No images, please. Copy each entry below exactly as it reads.

(SOURCE RECORDS Opens)

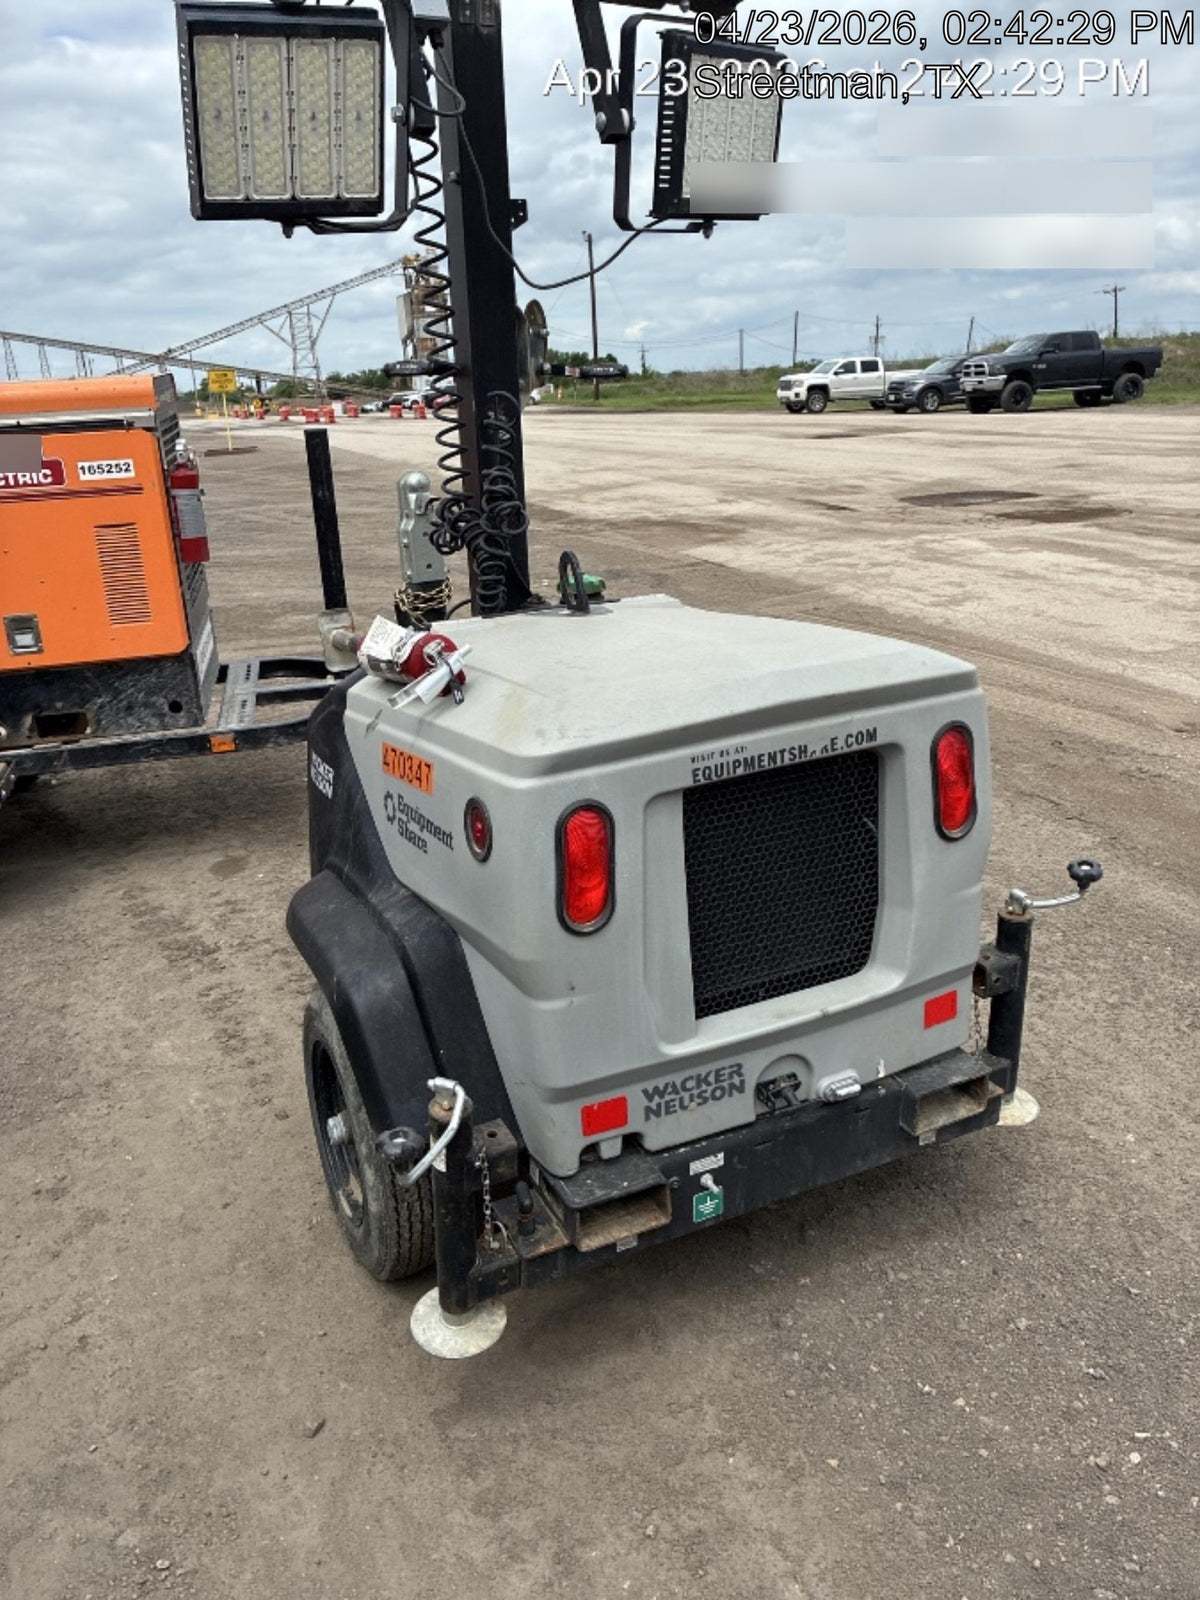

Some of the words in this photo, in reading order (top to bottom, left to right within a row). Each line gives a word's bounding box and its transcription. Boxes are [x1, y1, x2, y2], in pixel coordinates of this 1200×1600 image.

[79, 461, 133, 476] 165252
[383, 746, 432, 793] 470347
[397, 793, 455, 852] Equipment
[397, 816, 428, 854] Share
[641, 1062, 744, 1103] WACKER
[644, 1079, 745, 1122] NEUSON
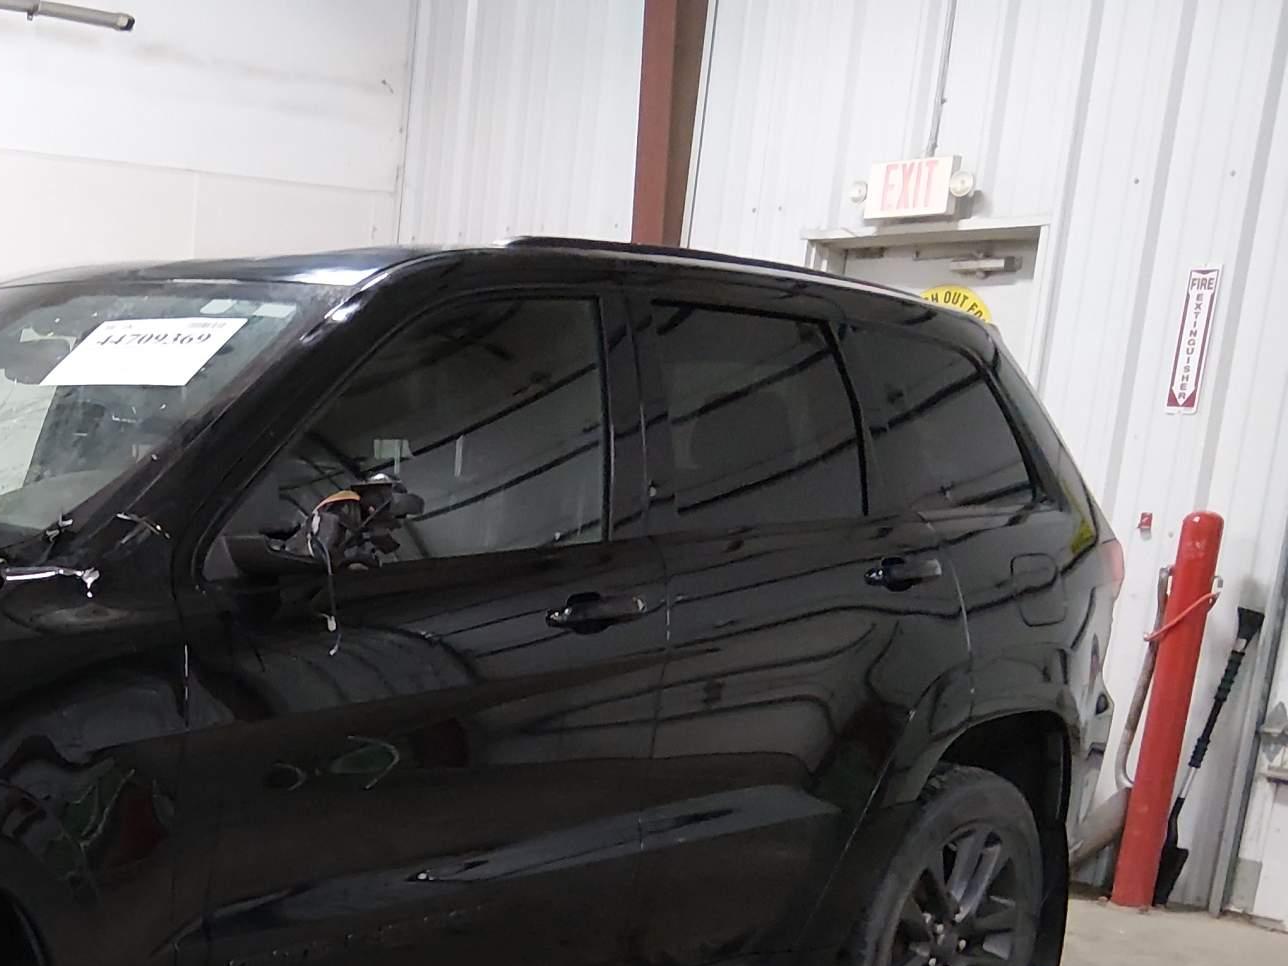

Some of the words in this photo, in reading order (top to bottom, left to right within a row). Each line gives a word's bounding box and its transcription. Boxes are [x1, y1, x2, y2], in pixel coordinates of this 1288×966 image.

(SOURCE RECORDS Closes)

__EXERCISE ANSWER__
Some of the words in this photo, in reading order (top to bottom, left to right within a row). Each line gives a word's bounding box and its transcription. Boxes are [x1, y1, x2, y2], in pixel coordinates of this 1200×1600 image.

[79, 461, 133, 476] 165252
[383, 746, 432, 793] 470347
[397, 793, 455, 852] Equipment
[397, 816, 428, 854] Share
[641, 1062, 744, 1103] WACKER
[644, 1079, 745, 1122] NEUSON

Some of the words in this photo, in reading order (top to bottom, left to right within a row). Each line gives a word's bounding box and its transcription. Boxes are [x1, y1, x2, y2], in pixel coordinates of this 1288×966 image.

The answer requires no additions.